In short, what gives birth to the culture of emotivism in After Virtue is the enlightenment as it played out in the Protestant countries of northern Europe. This might be taken—mistakenly—to identify the catastrophe with the Protestant Reformation, but it certainly does indicate that the Protestant Reformation is an episode in the process that constitutes the catastrophe. MacIntyre clarifies the identity of the catastrophe in a second place, in chapter five:

“Suppose that the arguments of Kierkegaard, Kant, Diderot, Hume, Smith and the like fail because of certain shared characteristics deriving from their highly specific shared historical background. [. . . ] Whence did they inherit these shared beliefs? Obviously from their shared Christian past compared with which the divergences between Kant’s and Kierkegaard’s Lutheran, Hume’s Presbyterian, and Diderot’s Jansenist-influenced Catholic background are relatively unimportant.” (51)

The focus here is on the peculiarities of the theologies of Luther, Calvin, and Jansen; all three were theological voluntarists, that is, all three posited the divine will as the primary principle of existence. Where Thomas Aquinas, in his synthesis of Christian Neo-Platonism and Aristotelian hylomorphism, always maintained the priority of the intellect in creation,1 theological voluntarists asserted the priority of the divine will, and this had far reaching consequences for philosophy and theology. So after summarizing some points of agreement among medieval Christian, Jewish, and Muslim thinkers who shared an Aristotelian view of nature and reason MacIntyre writes:

“This large area of agreement does not however survive when Protestantism and Jansenist Catholicism—and their immediate late medieval predecessors—appear on the scene. For they embody a new conception of reason.” (53)

MacIntyre’s catastrophe is not the Protestant Reformation, nor is it Protestantism combined with Jansenism, rather it is the whole process of that turn from natural teleology to theological voluntarism and nominalism—the foundation of which is typically attributed to William of Ockham—that lead to the voluntarist theologies of Luther, Calvin, and Jansen.

Of course, from this secularised voluntarism we get Smith, Hobbes, Marx, Nietzsche, materialism, spontaneous order from the ground up, republicanism in which laws rule, the entire world as being a meeting places of wills that are merely capable of negotiation, determinism of all stripes, scientism galore.

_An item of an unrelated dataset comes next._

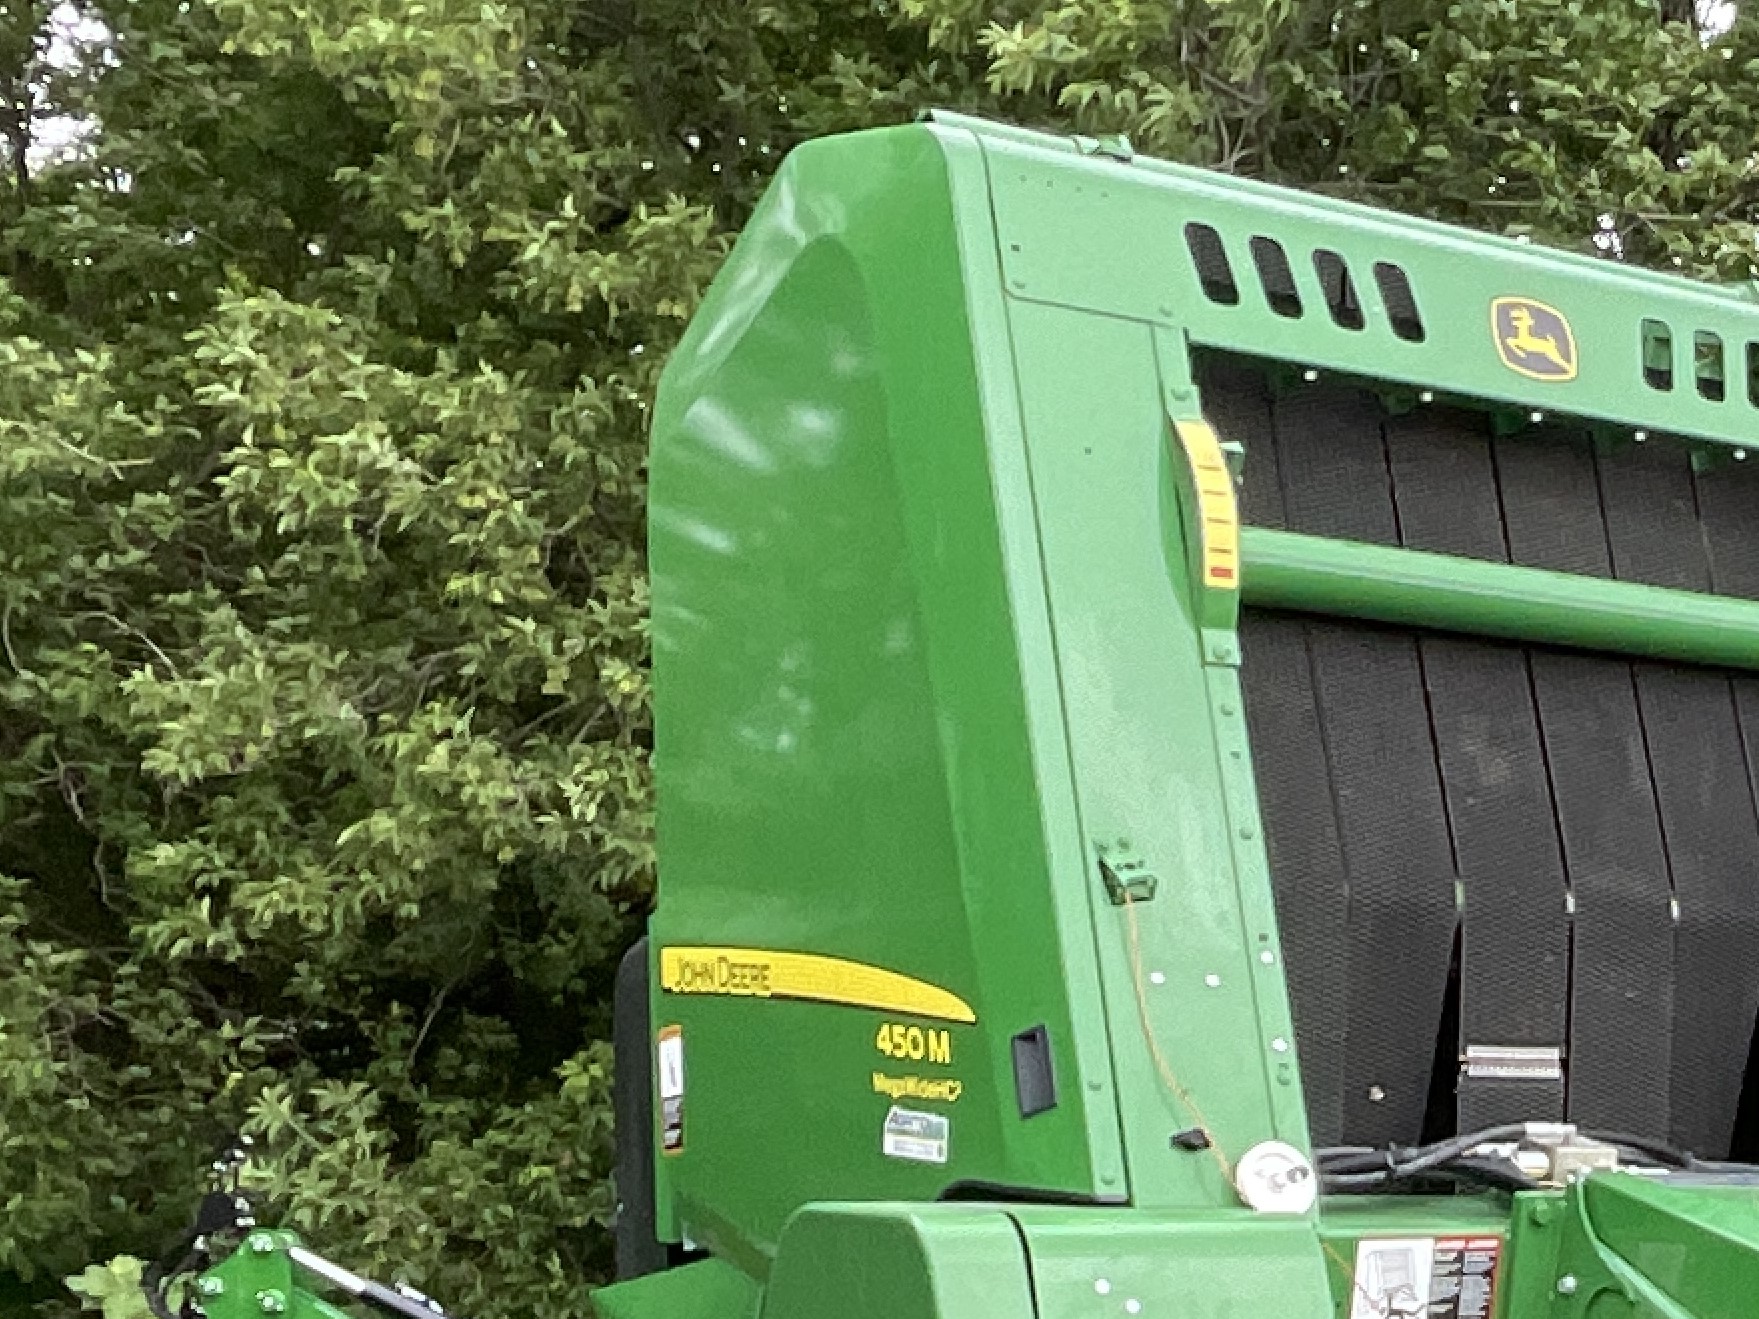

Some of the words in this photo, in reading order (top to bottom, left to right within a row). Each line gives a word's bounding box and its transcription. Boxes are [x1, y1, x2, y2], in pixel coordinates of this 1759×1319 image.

[675, 957, 715, 987] JOHN
[717, 956, 770, 990] DEERE
[876, 1023, 924, 1060] 450
[928, 1028, 950, 1064] M

The loading of voluntarism onto everything is seeming to me to be more and more the very definition of Conquest 2nd law.  It works like this – any organisation directed toward virtue – definable roughly as the pursuit of excellence in a given endeavour qua the greater good of an order (thereby the pursuit of internal excellence), is miss-directed by the inclusion of advocates of the goods of effective co-operation, which is premised on voluntarism. The goods of co-operation being definable as the effective co-operation of the organisation with the greater order in pursuit of external rewards. A superb example is provided by the Catholic Church’s current corruption – it no longer pursues the internal goods provide by pursuing excellence in being good Catholics, but instead pursues the external goods of co-operation – “relevance”, “acceptance”, “inclusion” with the International Community”, not being attacked and vilified by the liberal media. This is how liberal/ voluntarism corruption works. Once you start dancing like a cheap whore to the external rewards provided by Havard, you are owned for good.

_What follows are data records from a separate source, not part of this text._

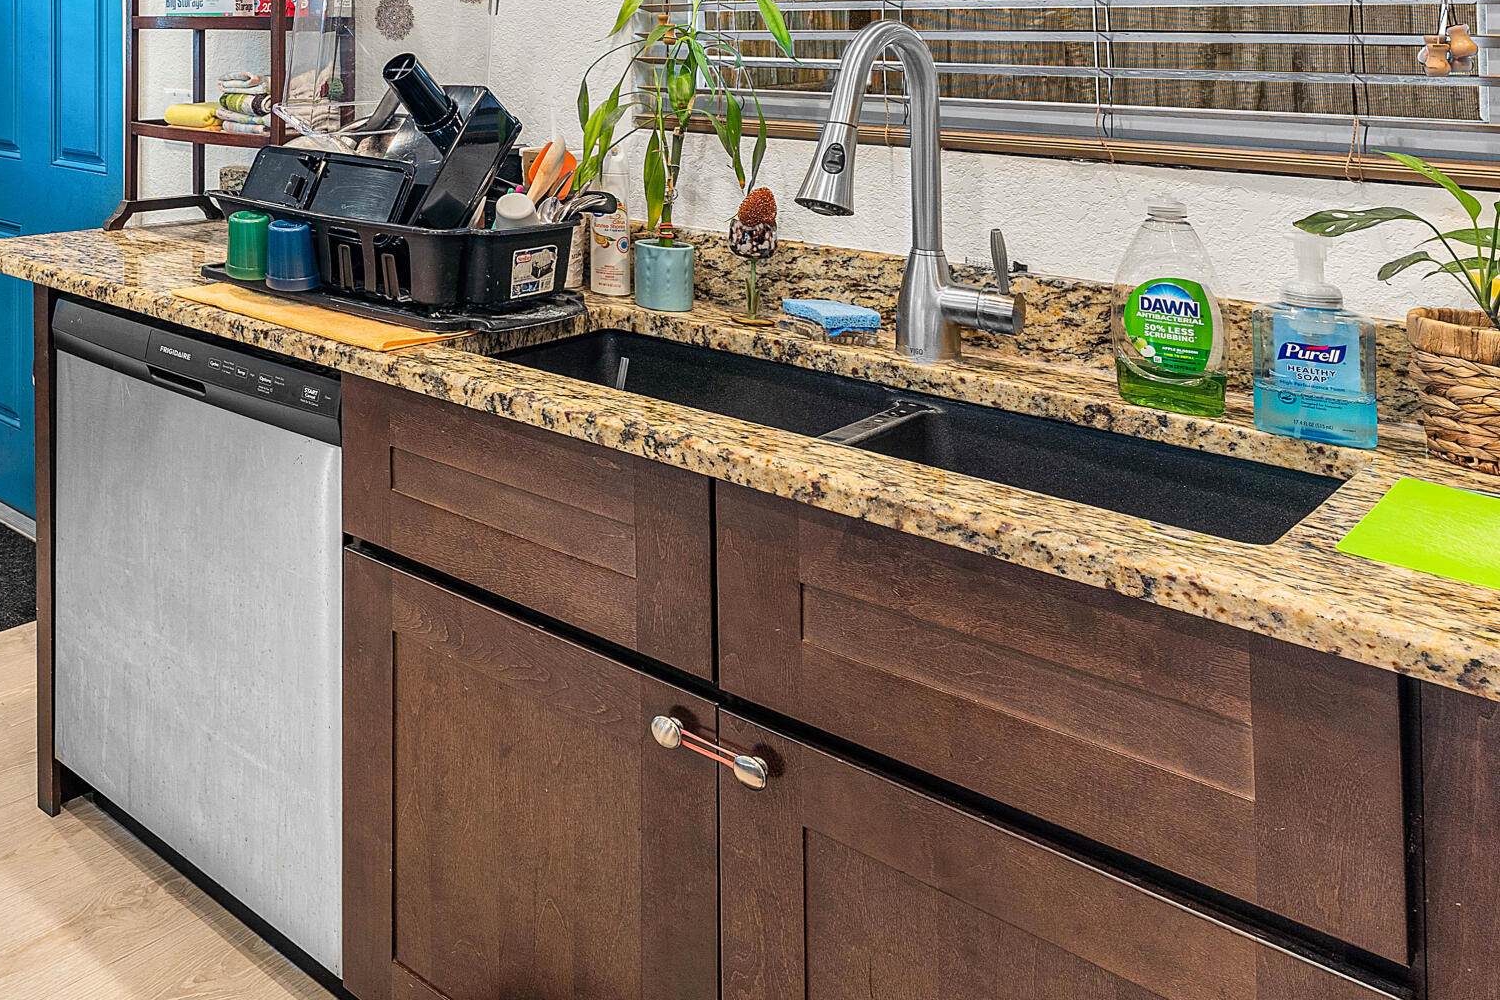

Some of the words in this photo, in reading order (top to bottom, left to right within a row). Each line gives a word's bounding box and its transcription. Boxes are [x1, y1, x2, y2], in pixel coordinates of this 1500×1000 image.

[235, 3, 253, 12] Storage
[1139, 295, 1200, 318] DAWN
[1136, 311, 1204, 326] ANTIBACTERIAL
[1144, 323, 1166, 333] 50%
[1168, 326, 1195, 337] LESS
[159, 345, 192, 361] FRIGIDAIRE
[1285, 343, 1341, 363] Purell
[1287, 364, 1336, 377] HEALTHY
[1297, 373, 1328, 383] SOAP

The really interesting aspect of this corruption is that the advocates of voluntarism act with complete lack of understanding of what they are doing. We see it as the progressive assumption that everything rightly understood is progressivism. The concept of virtue is completely invisible to voluntarism advocates as they perceive all good as a matter of formulating the correct rules and regulations. The world of virtue just doesn’t compute at all – nothing matters until it hits the law courts and becomes subject to a law.